Items from a dataset.
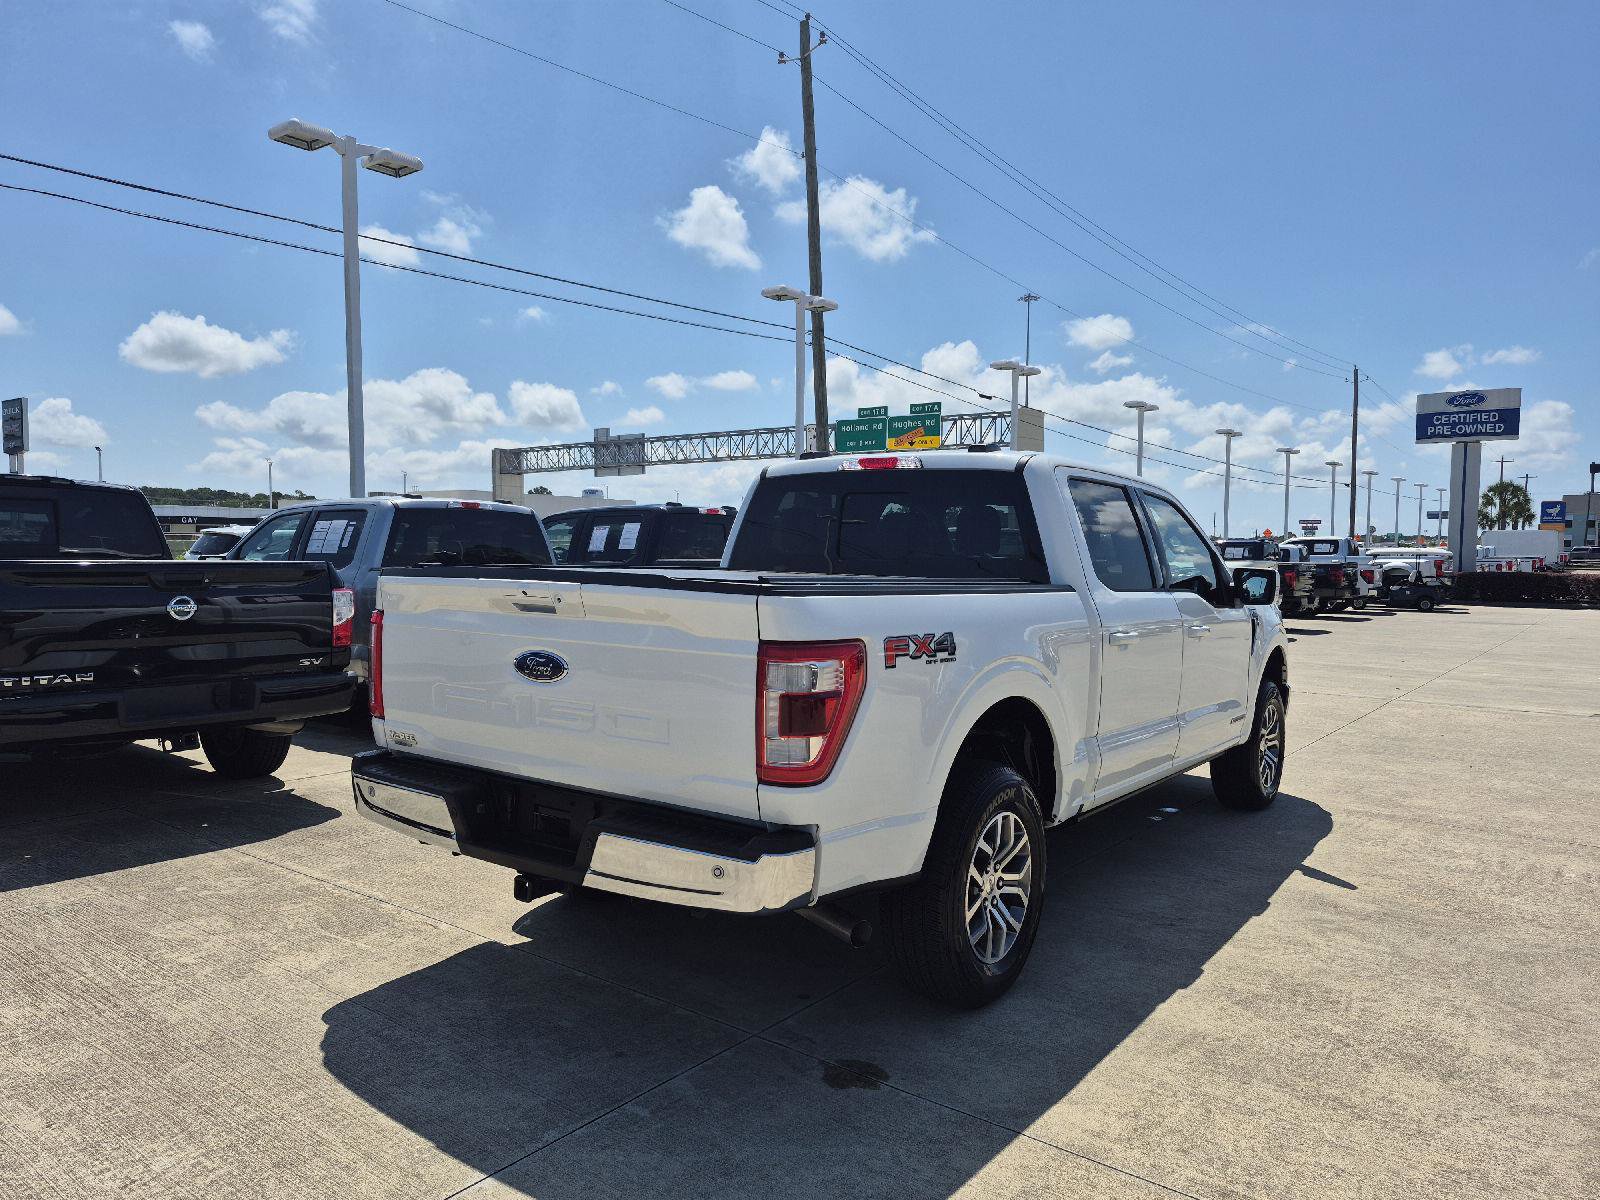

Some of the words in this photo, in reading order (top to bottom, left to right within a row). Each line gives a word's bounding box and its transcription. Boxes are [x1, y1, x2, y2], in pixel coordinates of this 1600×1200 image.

[925, 404, 932, 412] 17
[892, 420, 922, 430] Hughes
[925, 418, 936, 426] Rd
[1433, 411, 1499, 425] CERTIFIED
[841, 424, 869, 432] Holland
[873, 422, 883, 430] Rd
[1427, 423, 1505, 436] PRE-OWNED
[181, 516, 198, 524] GAY
[883, 631, 957, 670] FX4
[299, 657, 323, 666] SV
[0, 672, 94, 687] TITAN
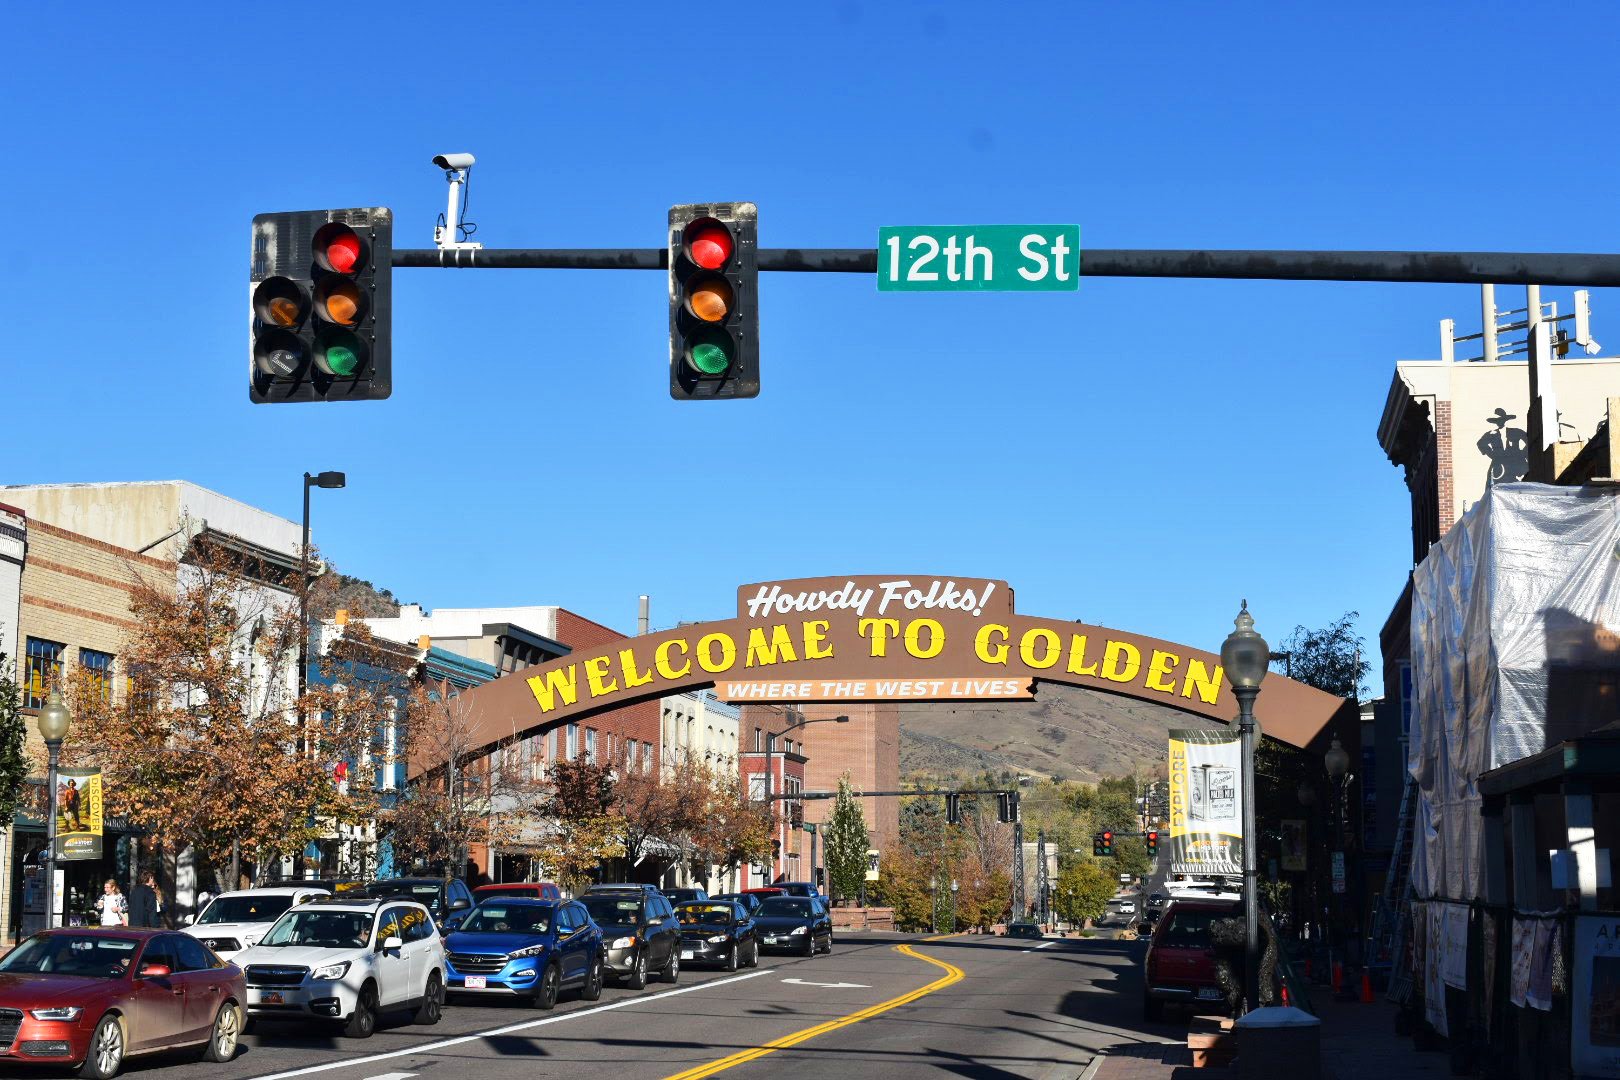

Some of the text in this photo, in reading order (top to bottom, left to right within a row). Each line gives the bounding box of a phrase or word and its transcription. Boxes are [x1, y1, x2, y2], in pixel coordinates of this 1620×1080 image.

[887, 233, 1070, 282] 12th St
[747, 580, 995, 617] Howdy Folks!
[525, 618, 1225, 713] WELCOME TO GOLDEN
[727, 680, 1018, 698] WHERE THE WEST LIVES
[91, 777, 100, 831] DISCOVER
[1172, 750, 1185, 827] EXPLORE

Task directions.
Write out the records exactly. Do not carry the pictures over.

Result for this task.
Some of the words in this photo, in reading order (top to bottom, left to right within a row). Each line gives a word's bounding box and its transcription. Boxes are [x1, y1, x2, y2], in pixel coordinates of this 1600×1200 image.

[925, 404, 932, 412] 17
[892, 420, 922, 430] Hughes
[925, 418, 936, 426] Rd
[1433, 411, 1499, 425] CERTIFIED
[841, 424, 869, 432] Holland
[873, 422, 883, 430] Rd
[1427, 423, 1505, 436] PRE-OWNED
[181, 516, 198, 524] GAY
[883, 631, 957, 670] FX4
[299, 657, 323, 666] SV
[0, 672, 94, 687] TITAN

Some of the text in this photo, in reading order (top to bottom, left to right within a row). Each line gives the bounding box of a phrase or word and its transcription. Boxes are [x1, y1, x2, y2], in pixel coordinates of this 1620×1080 image.

[887, 233, 1070, 282] 12th St
[747, 580, 995, 617] Howdy Folks!
[525, 618, 1225, 713] WELCOME TO GOLDEN
[727, 680, 1018, 698] WHERE THE WEST LIVES
[91, 777, 100, 831] DISCOVER
[1172, 750, 1185, 827] EXPLORE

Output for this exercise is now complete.